The S&P/ASX 200 Index (ASX: XJO) is under pressure on Tuesday and dropping into the red despite a strong session in the resources sector. At the time of writing, the benchmark index is down 0.4% to 8,387.8 points.
Four ASX shares that are falling more than most today are listed below. Here's why they are dropping:
The ANZ share price is down a further 2% to $29.50. Investors have been selling this banking giant's shares this week after it announced the exit of its CEO, Shayne Elliott. Elliott is leaving in July next year and will be replaced by Nuno Matos on a $2.5 million a year deal. While the new CEO appears to be a great replacement, the market seems to have concerns over the timing of the change given that ANZ has just completed the acquisition of Suncorp Bank for $4.9 billion.
The Perpetual share price is down 5.5% to $20.67. This morning, this financial services company was dealt a major blow by the Australian Taxation Office (ATO). Perpetual revealed that the cash returns from the proposed $2.175 billion sale of its Wealth Management and Corporate Trust businesses to KKR will be fully taxable.
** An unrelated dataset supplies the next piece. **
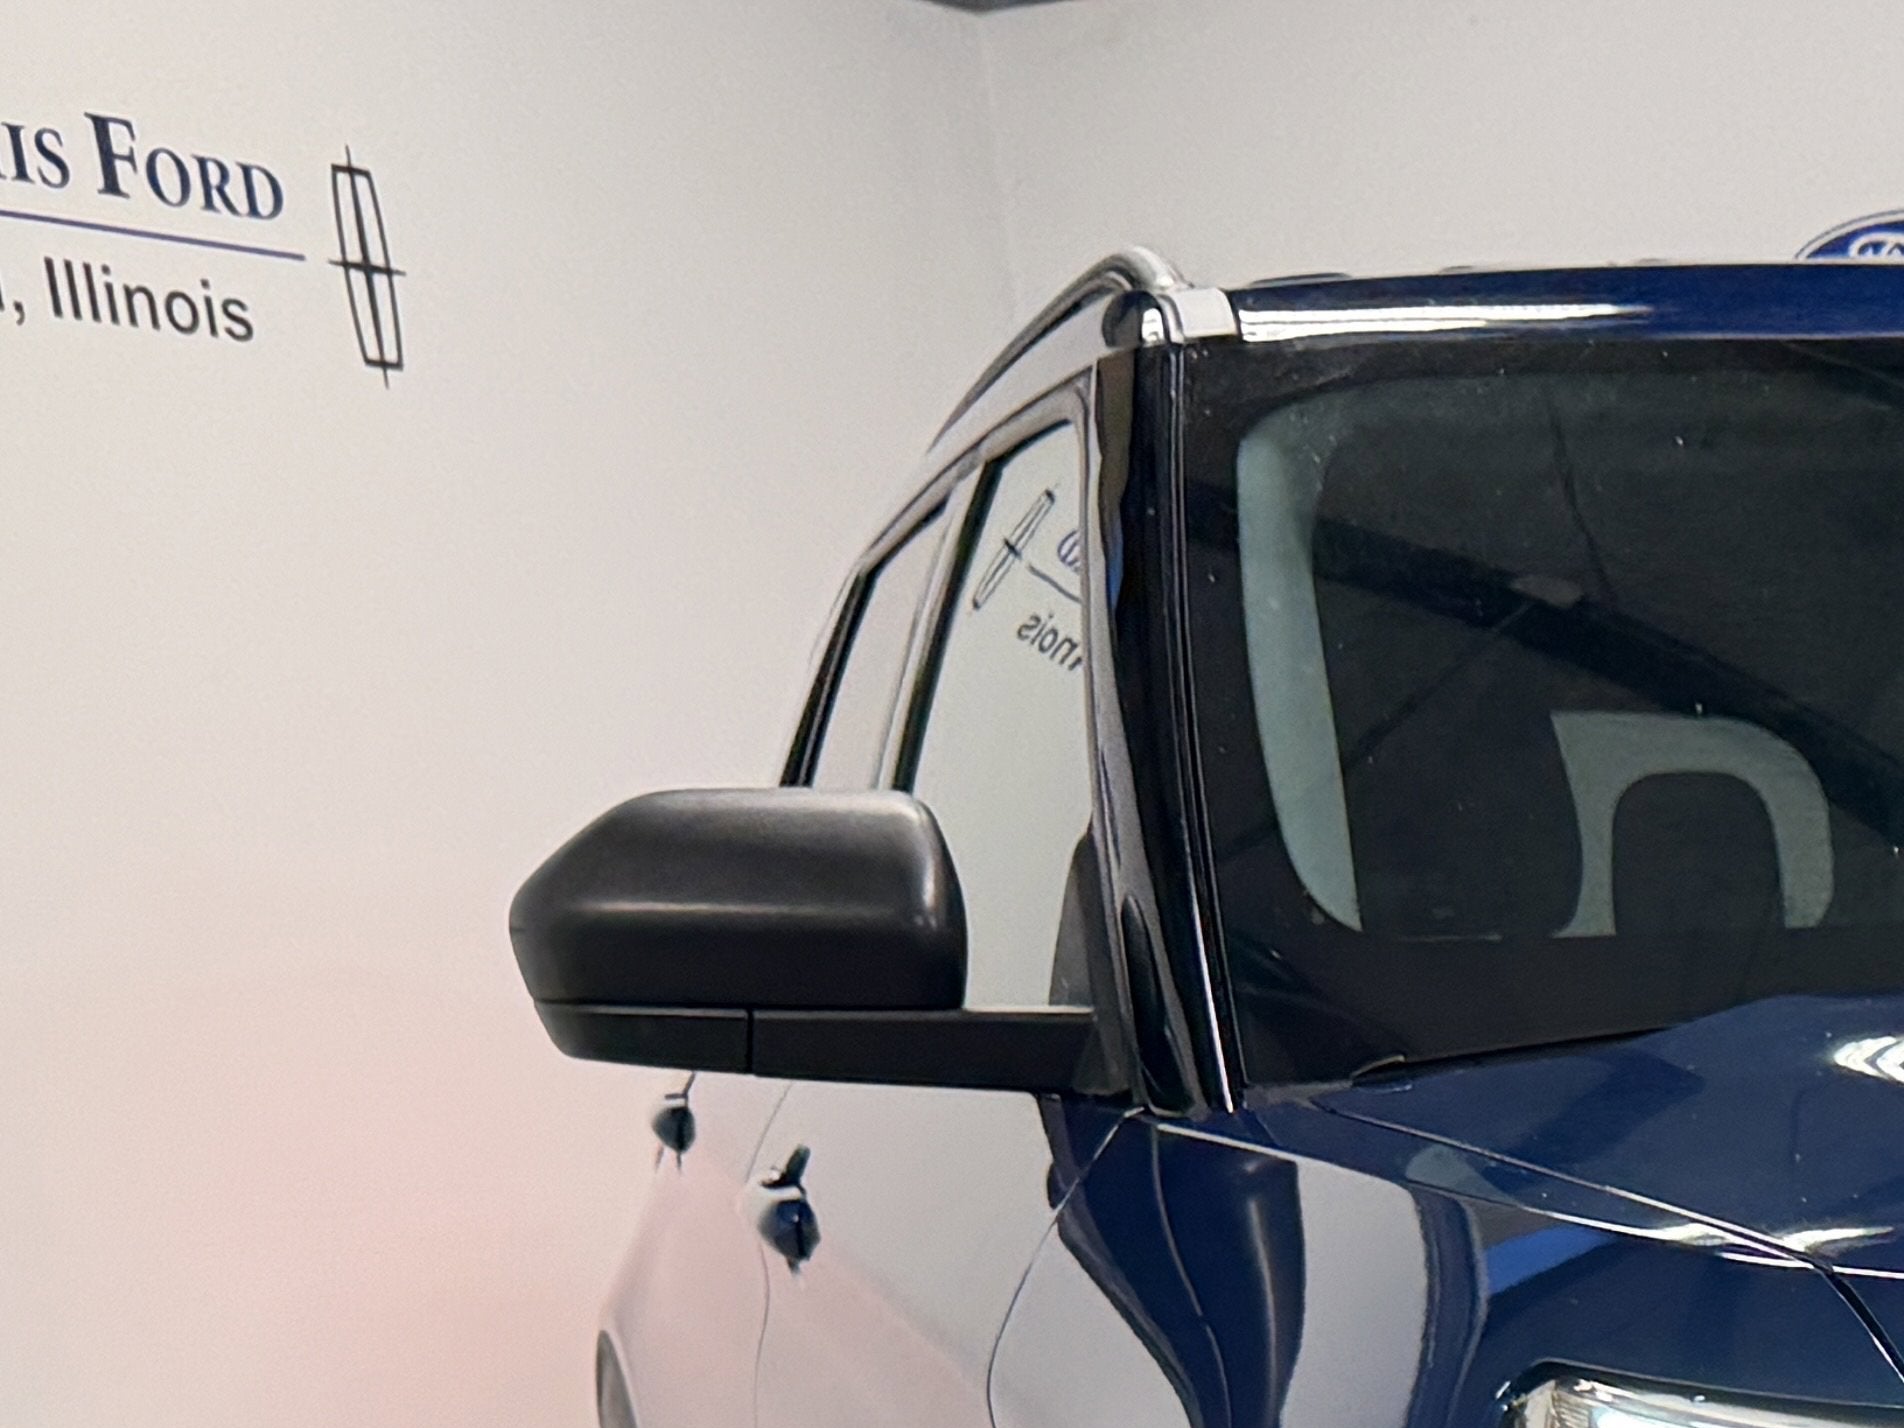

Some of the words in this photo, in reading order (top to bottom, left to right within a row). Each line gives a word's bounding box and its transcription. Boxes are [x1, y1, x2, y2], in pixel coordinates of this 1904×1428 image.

[0, 121, 70, 189] IS
[84, 111, 284, 220] FORD
[44, 256, 254, 342] Illinois
This means that the estimated cash proceeds to shareholders from the transaction would reduce from between $8.38 and $9.82 per share to just $5.74 to $6.42 per share. Management said: "Perpetual is extremely disappointed and disagrees with the Commissioner's views. Based on strong advice from relevant tax experts, including Senior Counsel, and following extensive Board testing and consideration, Perpetual continues to be of the view that the provisions should not apply." There are concerns that this could scupper the deal.
The Premier Investments share price is down 4.5% to $34.68. This has been driven by a combination of market weakness and the retail conglomerate's shares going ex-dividend this morning. In September, the company released its full year results and declared a record fully franked final dividend of 70 cents per share. This was up 16.7% year on year. Eligible shareholders can look forward to receiving this on 8 January.
The Pro Medicus share price is down almost 9% to $245.20. Investors have been selling this high-flying health imaging technology company's shares amid a selloff in the tech sector today. The selling has been so bad that the information technology sector is down almost 4% at the time of writing. It remains unclear what sparked the selloff, though profit taking appears quite likely.